In the January 2024 elections, the Democratic Progressive Party achieved a historic third consecutive victory in the presidential race while also losing control of the legislature. With 52 seats won by the KMT and 51 secured by Lai’s Democratic Progressive Party (DPP), neither of Taiwan’s two major parties gained an absolute majority in the unicameral legislature, positioning the relatively new TPP with its eight legislators as the “critical minority” (關鍵少數). 

Reforms to grant the Legislative Yuan more power were a critical issue in the electoral campaign. All three parties represented in the chamber expressed their willingness to amend the legislature’s powers and procedures, but they disagreed on the scope of the changes.

The ongoing controversy surrounds three main changes proposed by the KMT and the TPP. Firstly, the president would be required to deliver an annual address before March 1 at the Legislature’s invitation and respond to lawmakers’ questions on the spot. Secondly, the legislature would gain prosecutorial powers, and penalties would be introduced for delays in responding to the parliament, concealing information, or providing false statements during an investigation, inquiry, or hearing. Thirdly, “contempt of the legislature” would become an offense punishable under the Criminal Code. Those critical of the current trajectory of reforms also point to procedural issues as the bills were not reviewed line by line in the Judiciary and Organic Laws and Statutes Committee.

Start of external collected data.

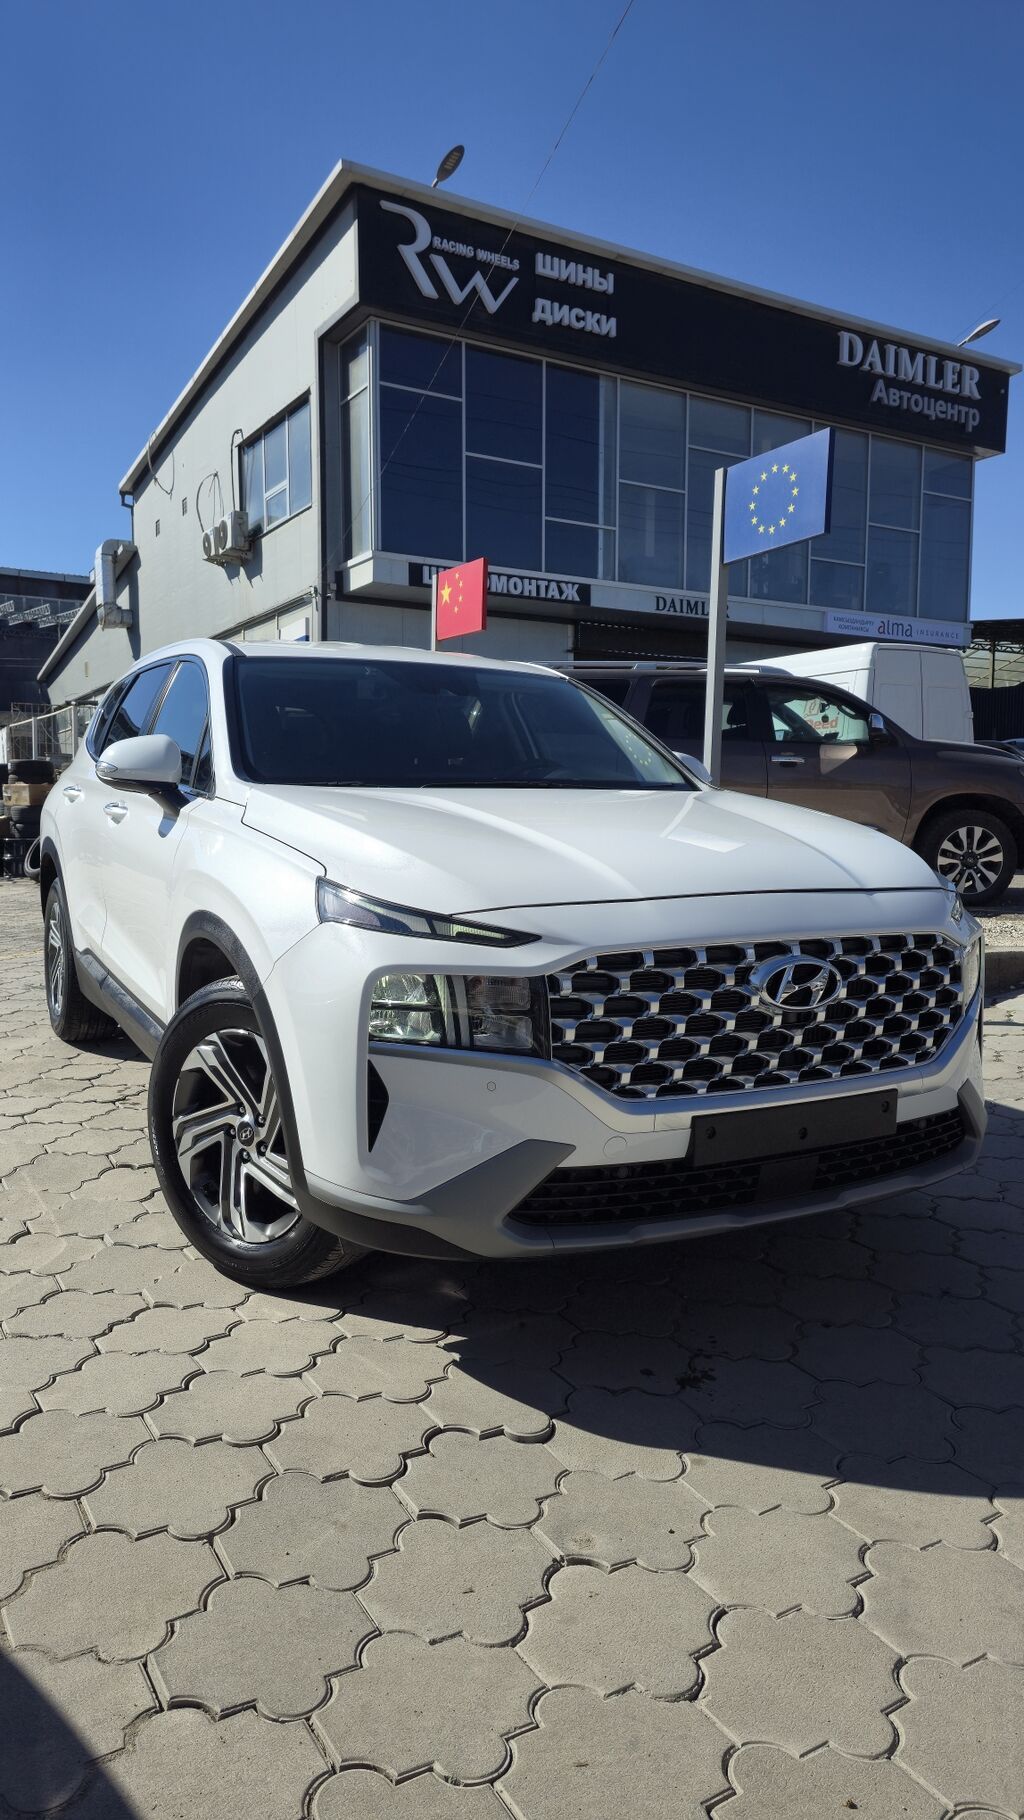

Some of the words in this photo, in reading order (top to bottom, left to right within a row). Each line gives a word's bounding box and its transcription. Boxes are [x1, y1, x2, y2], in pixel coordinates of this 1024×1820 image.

[432, 235, 475, 259] RACING
[476, 248, 520, 272] WHEELS
[535, 252, 615, 295] ШИНЫ
[531, 297, 617, 338] ДИСКИ
[837, 330, 982, 400] DAIMLER
[870, 378, 981, 433] Автоцентр
[422, 565, 581, 602] ШМОНТАЖ
[655, 595, 730, 619] DAIML
[877, 620, 913, 638] alma
[916, 629, 960, 640] INSURANCE
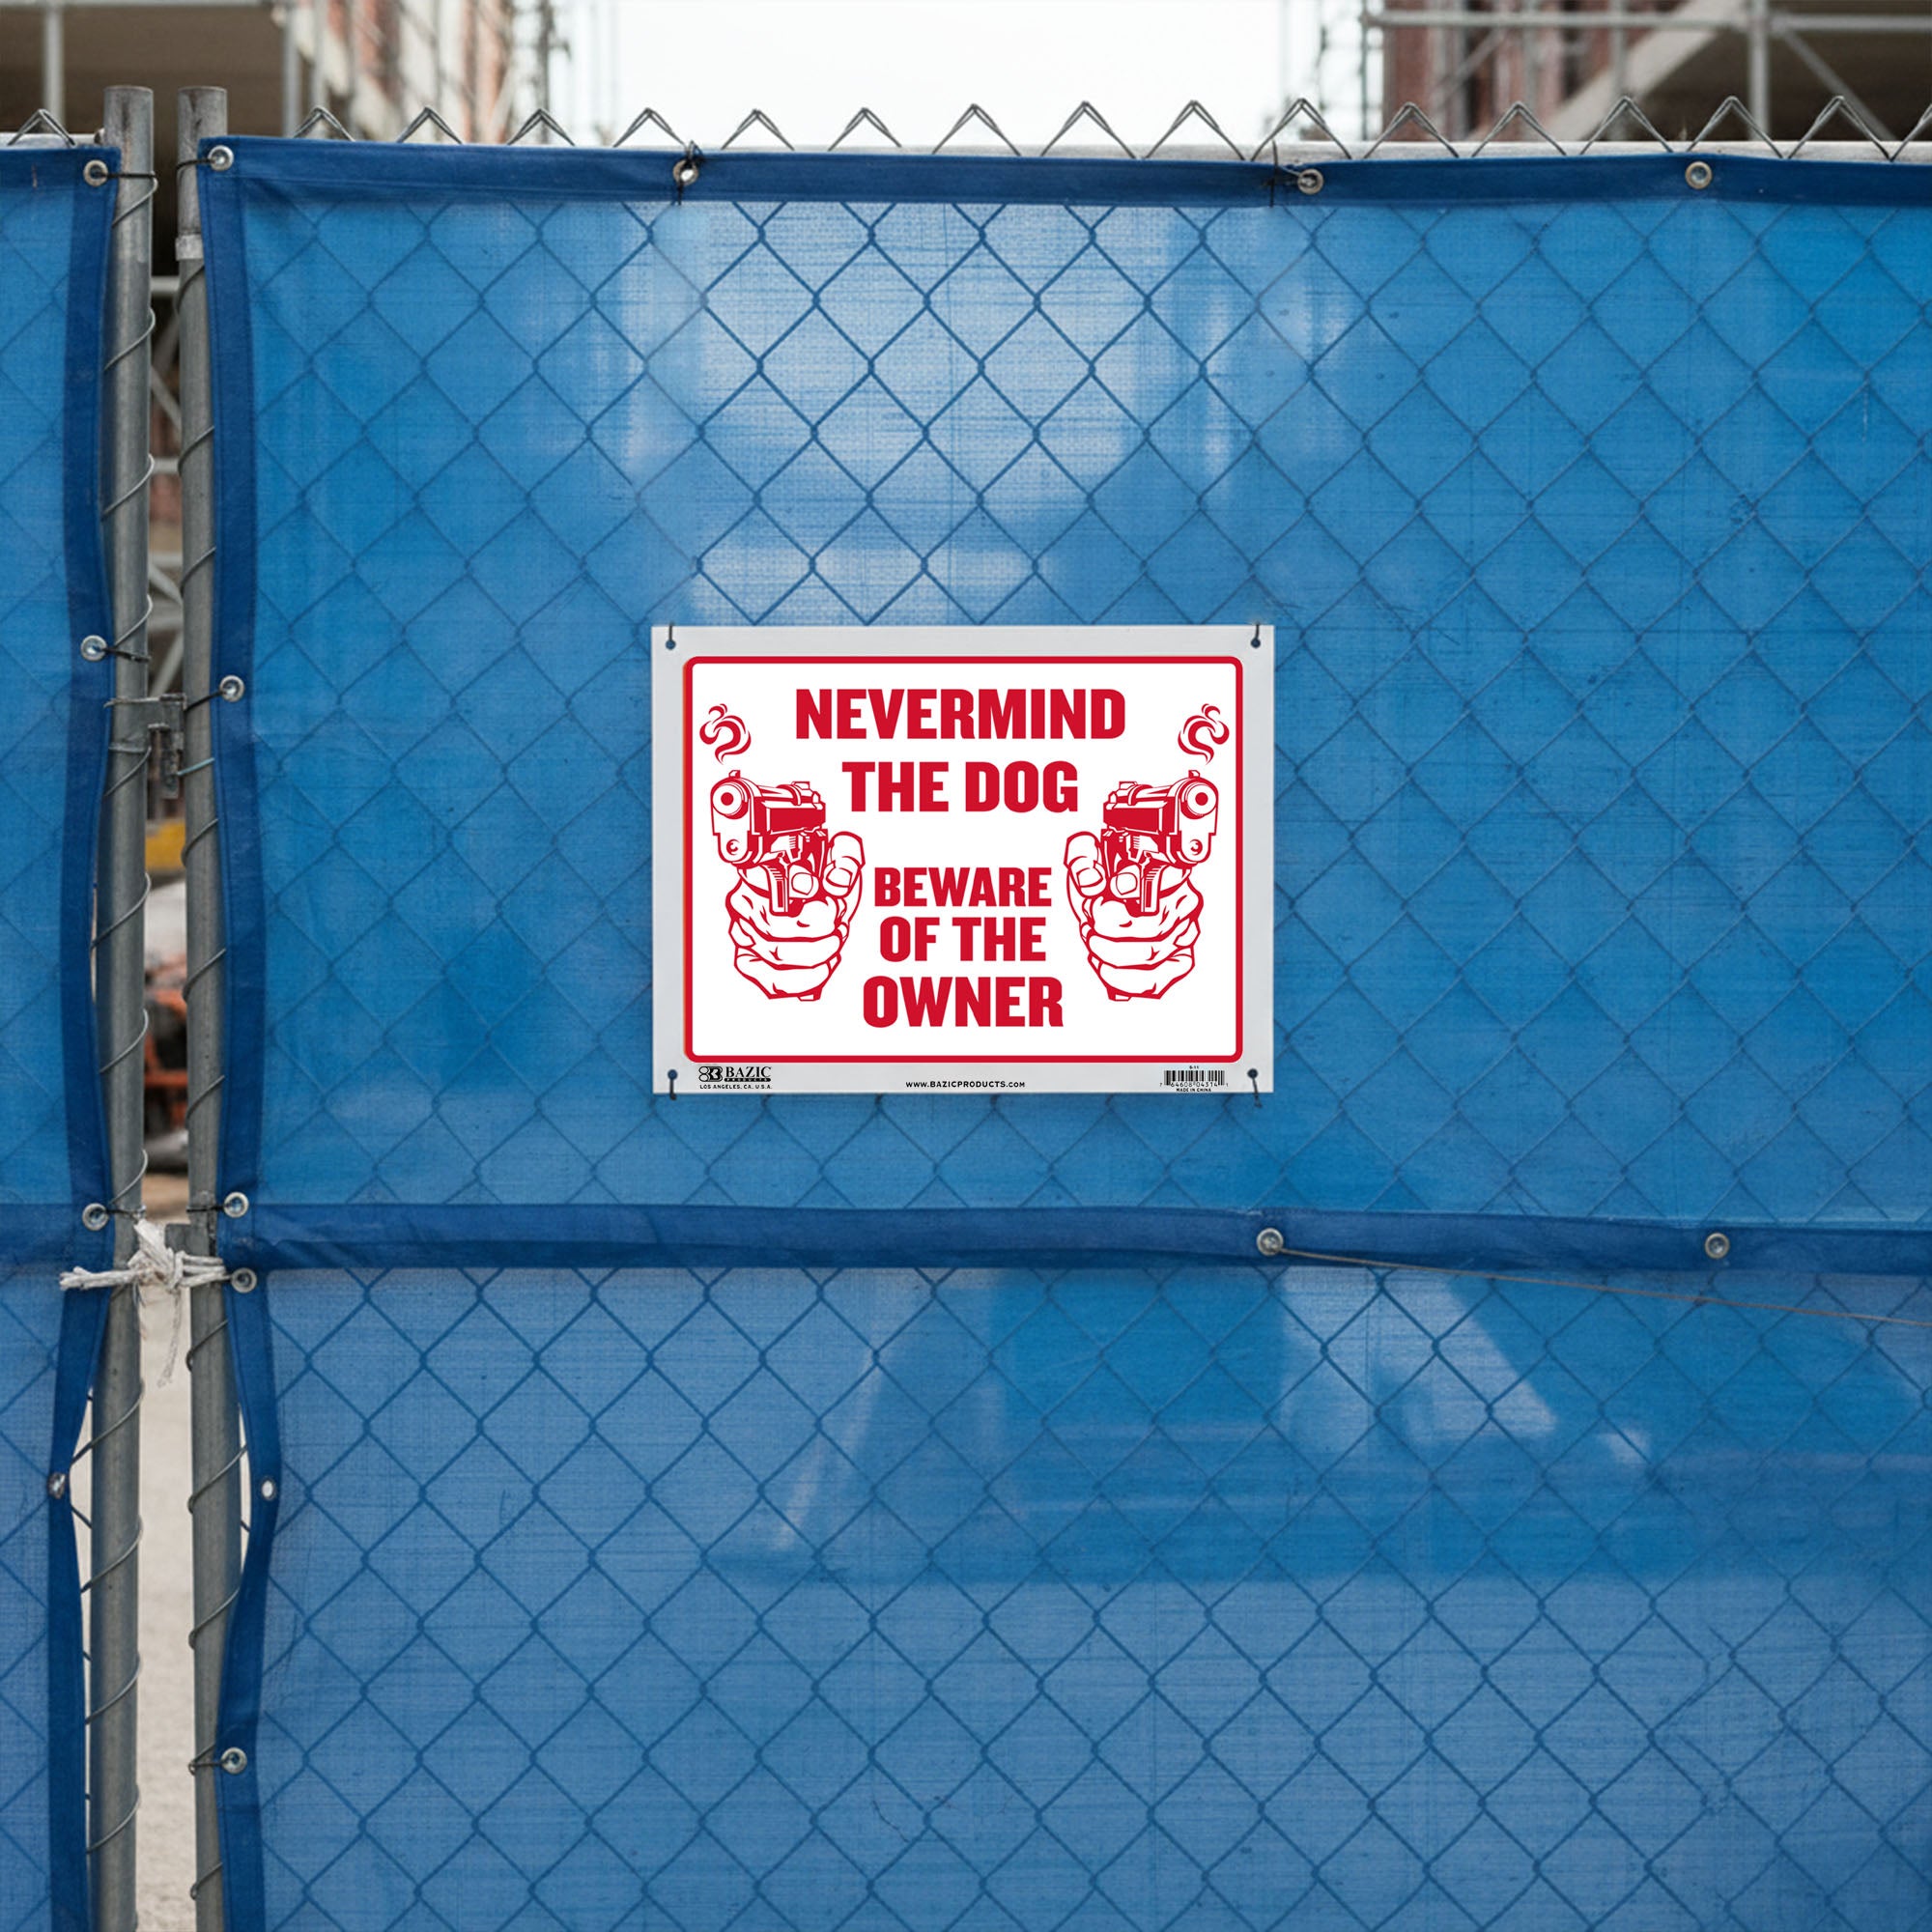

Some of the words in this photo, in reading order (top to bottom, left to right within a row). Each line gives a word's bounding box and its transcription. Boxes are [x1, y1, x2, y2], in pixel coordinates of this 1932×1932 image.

[795, 688, 1126, 740] NEVERMIND
[841, 761, 950, 813] THE
[965, 760, 1079, 813] DOG
[874, 867, 1052, 907] BEWARE
[879, 916, 941, 963] OF
[952, 916, 1047, 963] THE
[863, 976, 1064, 1029] OWNER
[725, 1065, 772, 1078] BAZIC
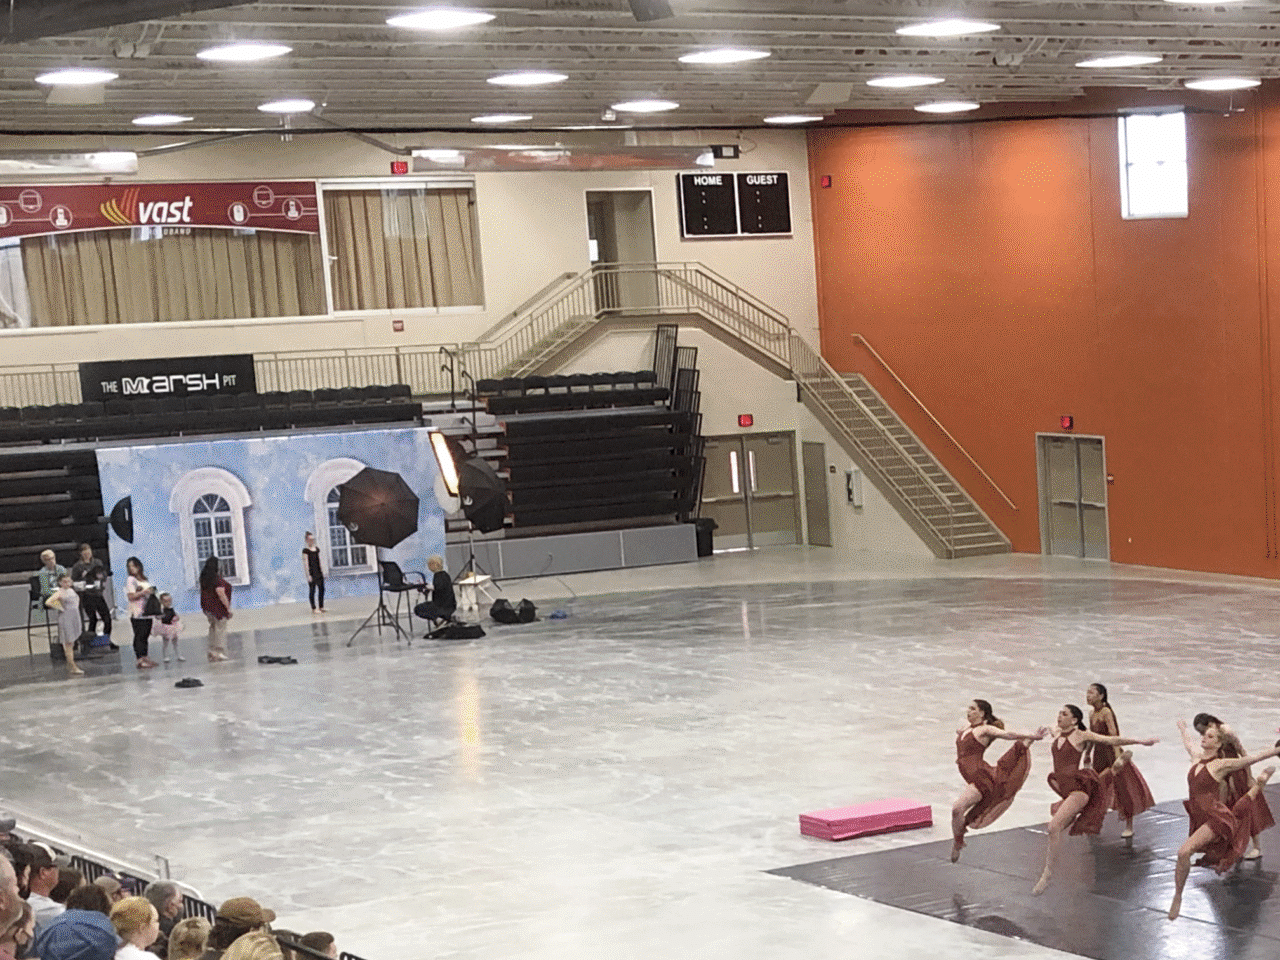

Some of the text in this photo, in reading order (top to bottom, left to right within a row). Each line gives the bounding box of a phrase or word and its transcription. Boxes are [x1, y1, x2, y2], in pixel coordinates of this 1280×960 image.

[694, 176, 723, 186] HOME
[746, 175, 778, 185] GUEST
[139, 195, 193, 224] vast
[101, 381, 118, 393] THE
[222, 374, 237, 387] PIT

“They [KMT and TPP] further surpass the scope and power of parliamentary authority found in most other constitutional democracies, including allowing for government officials to be jailed simply for asking questions during hearings,” the DPP said in a statement signed by international scholars.

Taiwan’s civil society groups also remain vocal about criticizing the reforms proposed by the two opposition parties. The Taiwan Association of Human Rights asserted that the amendments would “effectively result in the legislative branch overstepping into executive functions, violating the fundamental principle of separation of powers in a democratic society.” Meanwhile, the Taiwan Bar Association accused the KMT of “wrecking the operating principles of Taiwan’s constitutional democracy” to pursue its own interests. It also urged lawmakers to abide by democratic principles and follow legislative procedures to ensure that bills receive legitimate scrutiny. 

Protests will resume on Friday when the legislature will continue the debates about amendments to its powers.


Why does it matter?

The conflict between the legislature, where the KMT and the TPP combined hold the majority of seats, and the executive may lead to a gridlock in Taiwan’s policy-making and implementation processes during the next four years. In his inauguration speech, Lai addressed the need for cohabitation: “The majority should respect the minority, while the minority accepts majority rule. Only then can we avoid conflict and maintain a stable and harmonious society.” At the same time, the Taiwanese political scene remains highly polarized, and prospects for streamlined inter-party policy coordination remain grim.

Additionally, watchers of cross-strait relations have previously pointed to the Legislative Yuan as a potential channel for China to exert its influence on Taiwan and its democratic institutions and processes. For example, exiled Chinese writer Hongbin Yuan (袁紅冰) asserted that Legislative Yuan speaker Han Kuo-yu (韓國瑜) and the majority leader Fu Kun-chi (傅崐萁) remain influenced by the United Front Work Department of the Chinese Communist Party. Consequently, the current controversy highlights the importance of scrutinizing Taiwanese politicians’ relations with political elites on the opposite side of the Taiwan Strait.